Instructions for the task: Output the data unchanged and complete, minus the images.

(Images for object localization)
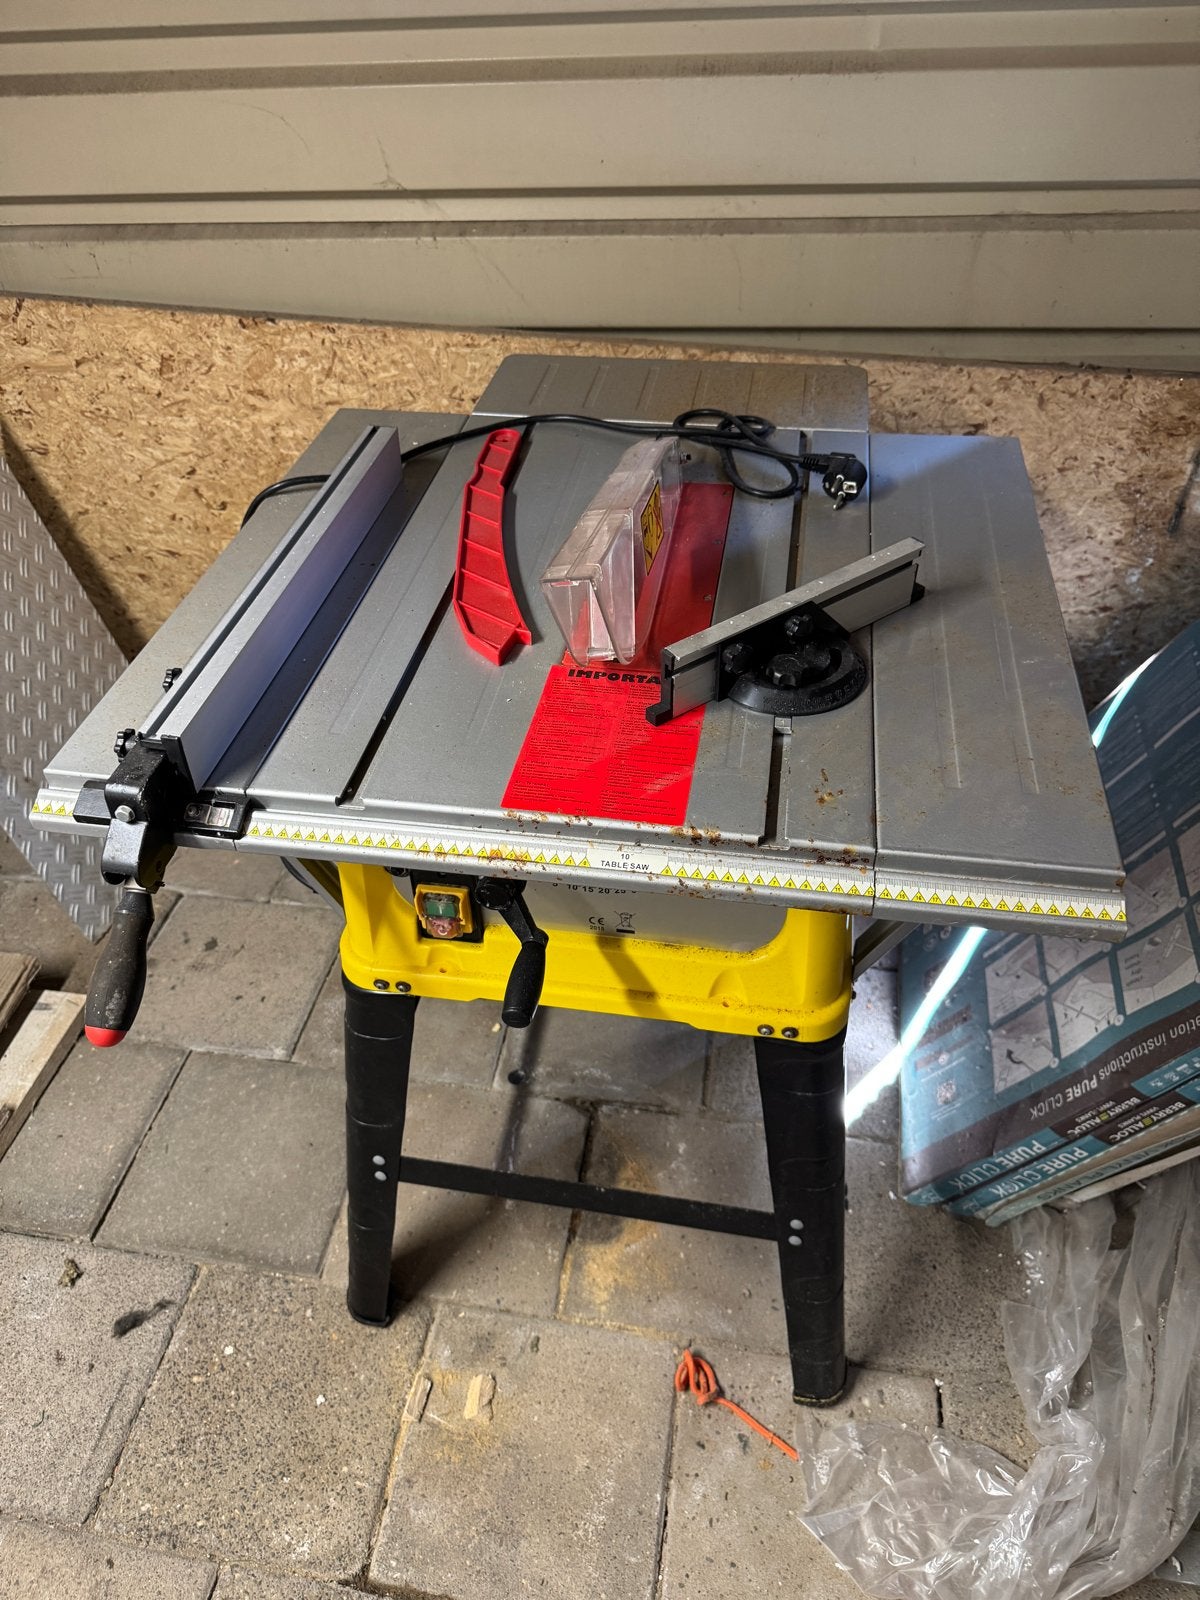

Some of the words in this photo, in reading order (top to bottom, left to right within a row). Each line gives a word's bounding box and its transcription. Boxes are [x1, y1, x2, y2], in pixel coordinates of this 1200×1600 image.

[601, 860, 628, 869] TABLE
[588, 916, 605, 925] CE
[1099, 1032, 1167, 1080] instructions
[1066, 1074, 1098, 1102] PURE
[1030, 1094, 1064, 1120] CLICK
[1108, 1097, 1141, 1118] BERRY
[1151, 1101, 1186, 1122] BERRY
[1067, 1116, 1101, 1137] ALLOC
[1109, 1120, 1145, 1142] ALLOC
[995, 1140, 1047, 1170] PURE
[1041, 1147, 1089, 1176] PURE
[951, 1163, 1000, 1190] CLICK
[988, 1168, 1042, 1199] CLICK
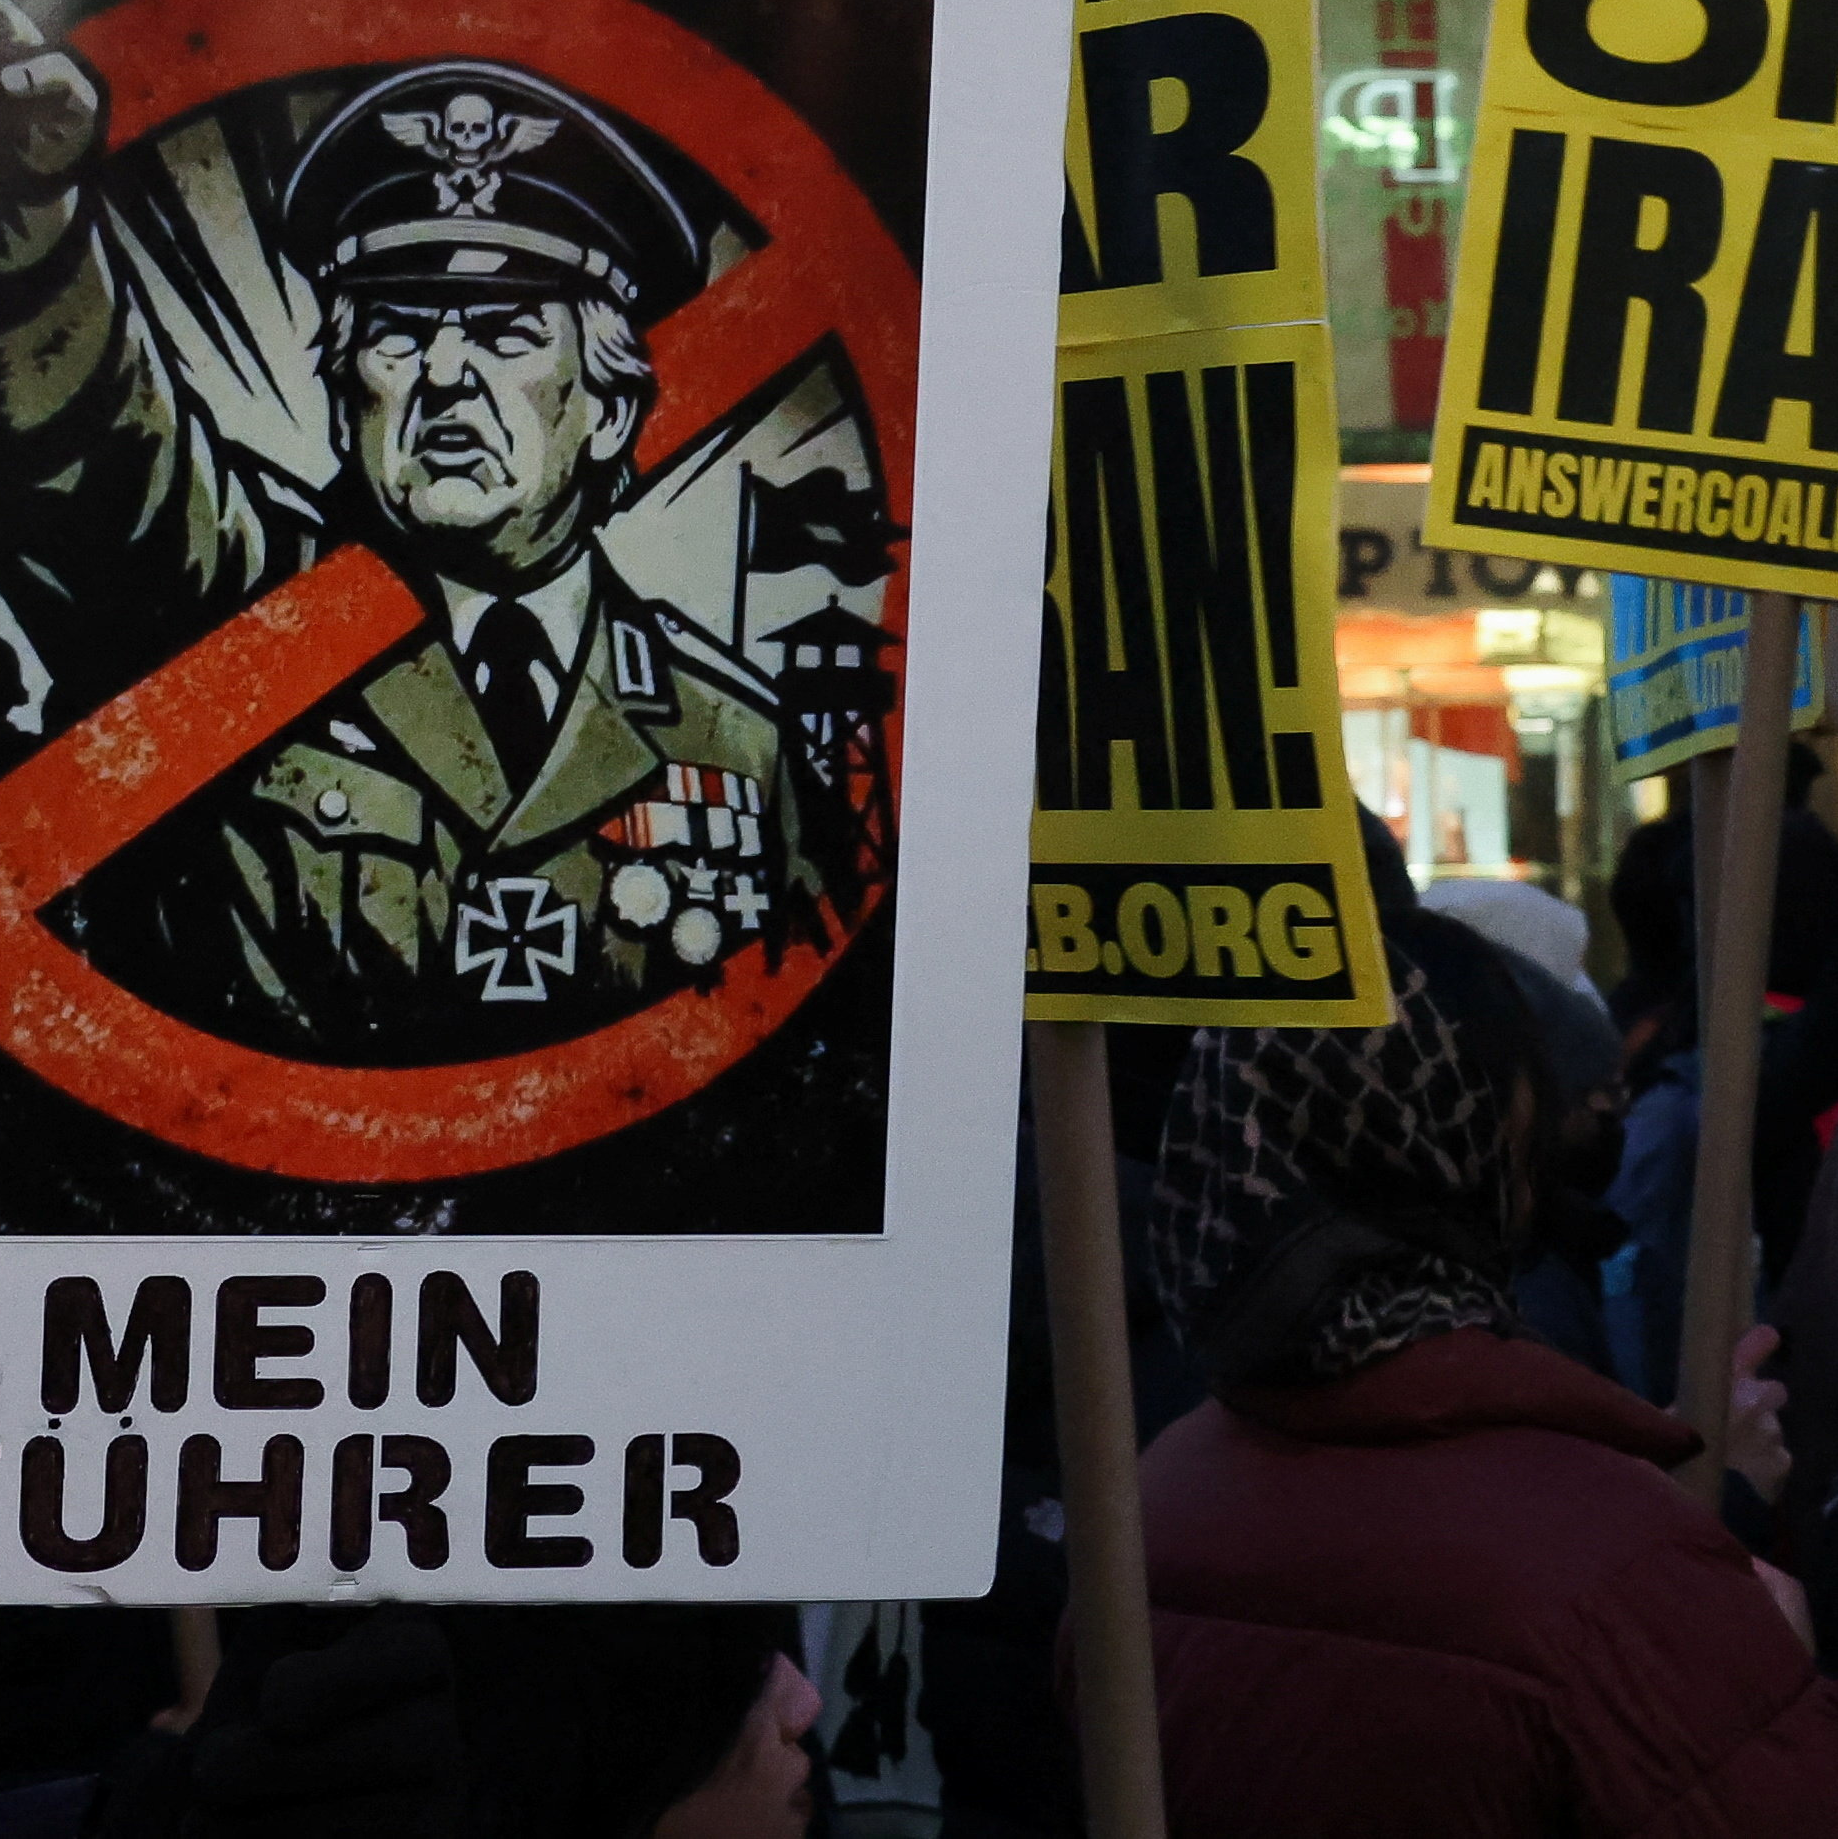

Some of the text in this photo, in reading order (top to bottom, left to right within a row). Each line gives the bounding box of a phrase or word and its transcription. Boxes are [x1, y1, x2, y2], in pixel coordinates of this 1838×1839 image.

Task result:
Some of the words in this photo, in reading order (top to bottom, left to right within a row). Each line gives a word's bounding box and its transcription. Boxes are [x1, y1, x2, y2], in pixel coordinates of this 1200×1600 image.

[601, 860, 628, 869] TABLE
[588, 916, 605, 925] CE
[1099, 1032, 1167, 1080] instructions
[1066, 1074, 1098, 1102] PURE
[1030, 1094, 1064, 1120] CLICK
[1108, 1097, 1141, 1118] BERRY
[1151, 1101, 1186, 1122] BERRY
[1067, 1116, 1101, 1137] ALLOC
[1109, 1120, 1145, 1142] ALLOC
[995, 1140, 1047, 1170] PURE
[1041, 1147, 1089, 1176] PURE
[951, 1163, 1000, 1190] CLICK
[988, 1168, 1042, 1199] CLICK

Some of the text in this photo, in reading order (top to bottom, left to right within a row). Each line gives the bounding box of a phrase or word and its transcription. Boxes are [x1, y1, x2, y2], in pixel coordinates of this 1838×1839 image.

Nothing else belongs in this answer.